What email best practice looks like in 2026

Email marketing remains one of the most effective ways to engage an audience, drive sales and customer retention. In 2026, we expect AI to have a significant impact on how customer inboxes are managed, and emails are prioritised for reading. We know that Gmail accounts will soon have more Gemini features rolled out, and over 50% off all TalkBox emails are Gmail accounts. These AI assistants and readers are likely to evolve and change, but the core principles of good email marketing have always been consistent.

In order to ensure that your email continues to meet your objectives, we have created this TalkBox Email Best Practice Guide.

1. Start with your objective
When you begin to design your communication, keep your core objective top of mind and easy for your audience to understand and act on.If your communication is just designed to inform e.g. letting customers know about a new menu item or an update to parking arrangements, still consider having a clear call to action. Things such as offering Feedback or following social media pages for updates are clear objectives that can help understand the effectiveness of your communication.
2. Get my attention with Subject Lines and Pre-Headers
well crafted Subject Line is critical to getting your readers’ attention, and in the world of AI-assisted inboxes, it’s likely to be even more important.

TalkBox also allows you to add a Pre-Header, which is an additional insight into the objective of the communication. Always make sure you add a Pre-Header to help get your email campaign prioritised:

3. Size is Important

Emails are designed to be short, sharp and to the point.  Sending lengthy communications and newsletters can mean the message and key call to action is lost.  If you want to send a client newsletter that has numerous sections and detailed content, this is better hosted in a blog or on a website and the email is used to summarise the content and get customers to click the link. 

If your email needs to be longer, consider adding an executive summary or highlights section to ensure your reader and the AI assistant don’t miss important information.

4. Use Header Blocks and Text Formatting

Similar to H1 tags on your website, TalkBox has the functionality for you to mark text as a Header, Sub-Header or normal Text within a header or text block.  This is important to help AI Readers understand the key messages you are trying to convey.

5. Words REALLY matter

At this stage, most AI engines that are reviewing your email content will struggle to understand images.  In fact best practice for emails is that at least 60% of your email should be words rather than images.  

So if you use image-only or image-heavy emails, you will struggle to get your emails to hit the mark and get noticed.

6. Use TalkBox Tools to help AI understand your images

When you add an image to your canvas by dragging an image block you can also add a link or Alt text.

Readers often click images, so it’s always a good idea to add an appropriate link to the image. This can be a link to your website, a particular page on your site or even your reservation link.

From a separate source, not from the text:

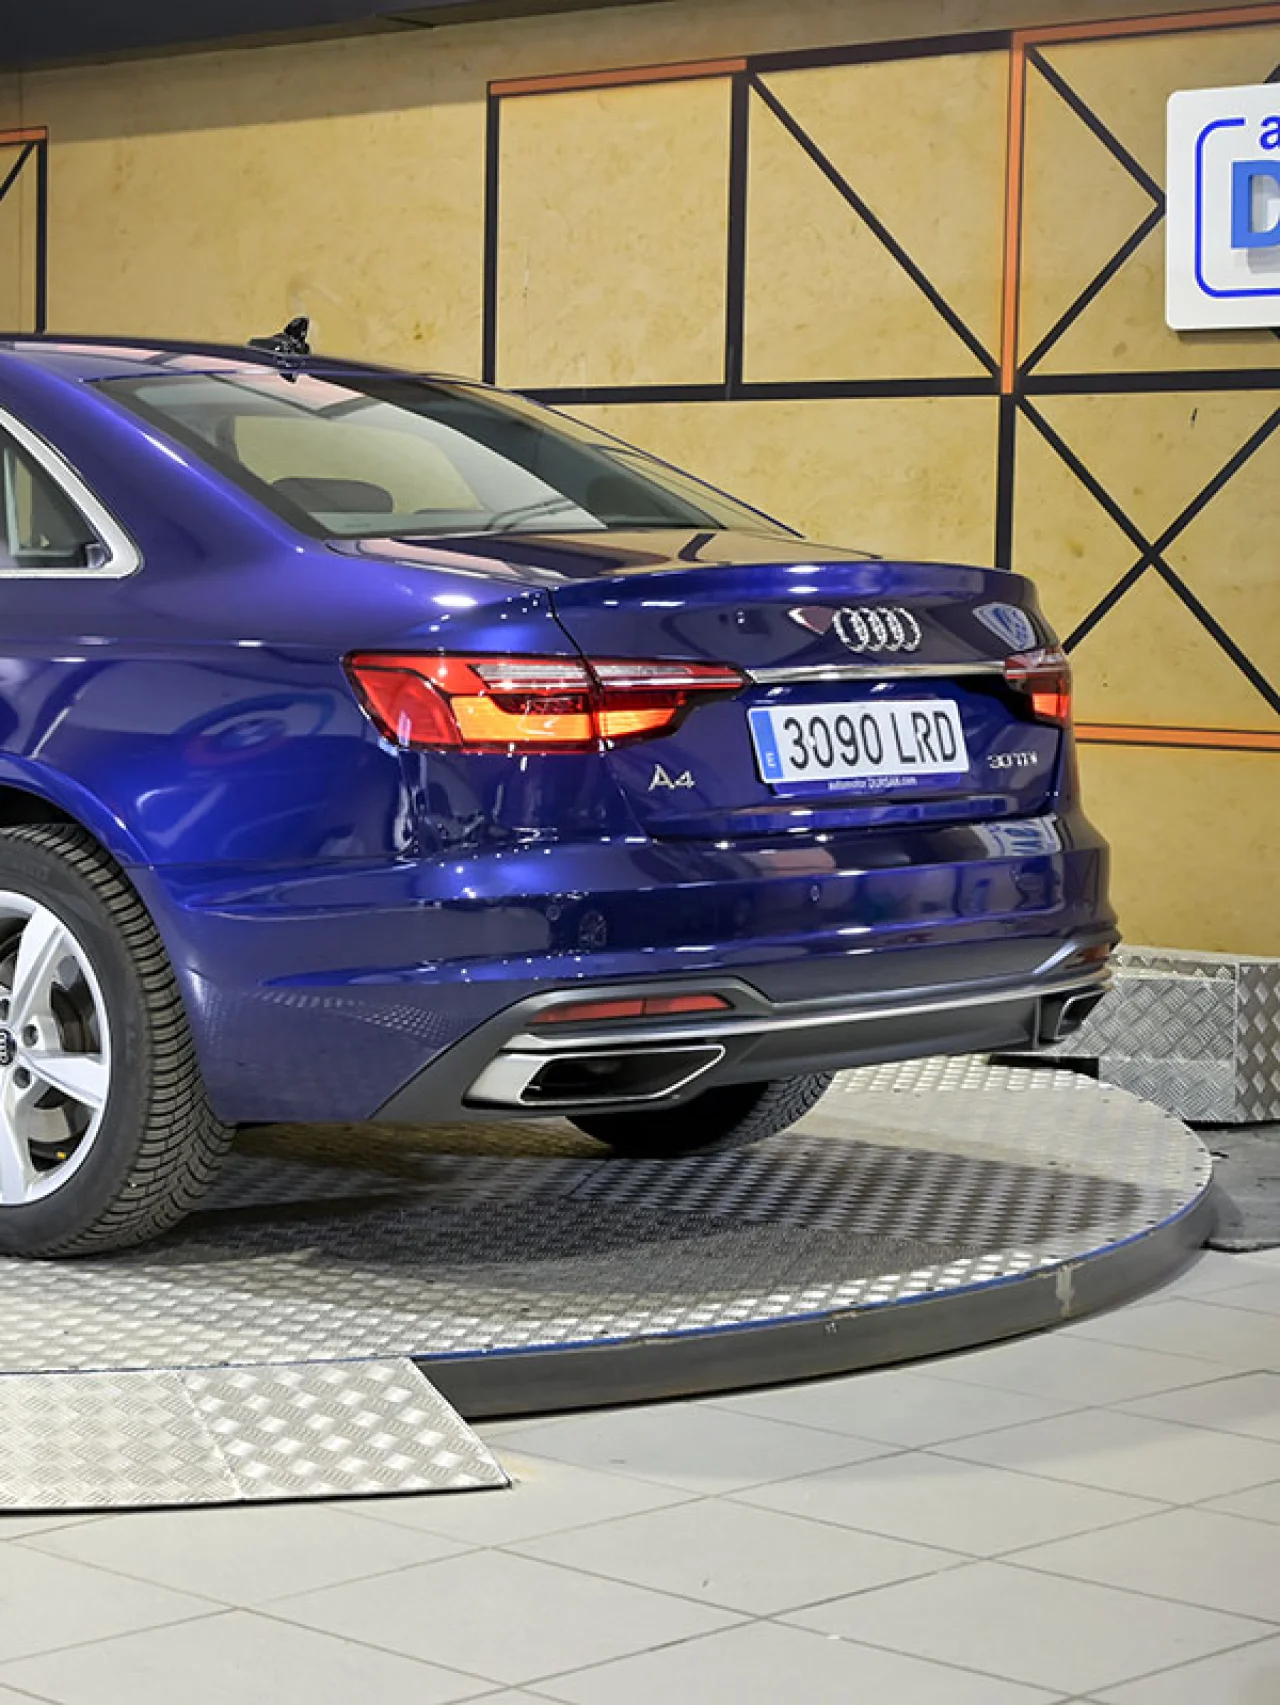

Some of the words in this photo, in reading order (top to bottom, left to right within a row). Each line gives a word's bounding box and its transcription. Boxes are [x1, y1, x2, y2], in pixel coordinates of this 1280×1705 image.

[783, 712, 884, 770] 3090
[889, 710, 957, 765] LRD
[648, 763, 696, 791] A4

Adding Alt Text to your image is actually best practice.  It helps customers who are vision impaired understand your image, can assist your audience if the image doesn’t load and is rarely added by spam email creators.

With AI, your Alt Text will become even more important, as this will help the AI bot to add more context and understanding to your email. 

7. Don’t hide the headline – have a clear call to action

When you design your communication, think about the action you want your customers to take and make it easy, obvious and near the top of the communication.

Consider creating a TalkBox Section for your Order Now or Book Now links to ensure it’s clear to the reader and the AI assistant the action you want them to take. Don’t bury your links in the body of the text, and consider being specific, e.g., BOOK NOW for Saturday.

8. If you have an offer, be clear about how to redeem it.

Many TalkBox customers take advantage of our powerful voucher integrations and vouchers are usually sent as a QR or Barcode.  That means it’s important to be clear about how customers need to redeem their vouchers, what the offer is and the expiry date or conditions.  

A good idea is to ensure every voucher you send has

  • A Header Block to highlight the name of the offer
  • A description text block that explains how to redeem the offer and details of it’s value
  • A terms and conditions block that clearly outlines the key rules about redeeming the voucher
  • If you are setting up Reminder Messages, remember to repeat the tips above.

9. Create Urgency with Dates

If your email contains a limited-time offer or a call to action for a particular event, ensure that the date is clearly stated.  This is one of the early changes we have noticed with Promotion Tabs on Gmail.  Emails with a clear date of the end of the sale or offer will have that date highlighted in the inbox.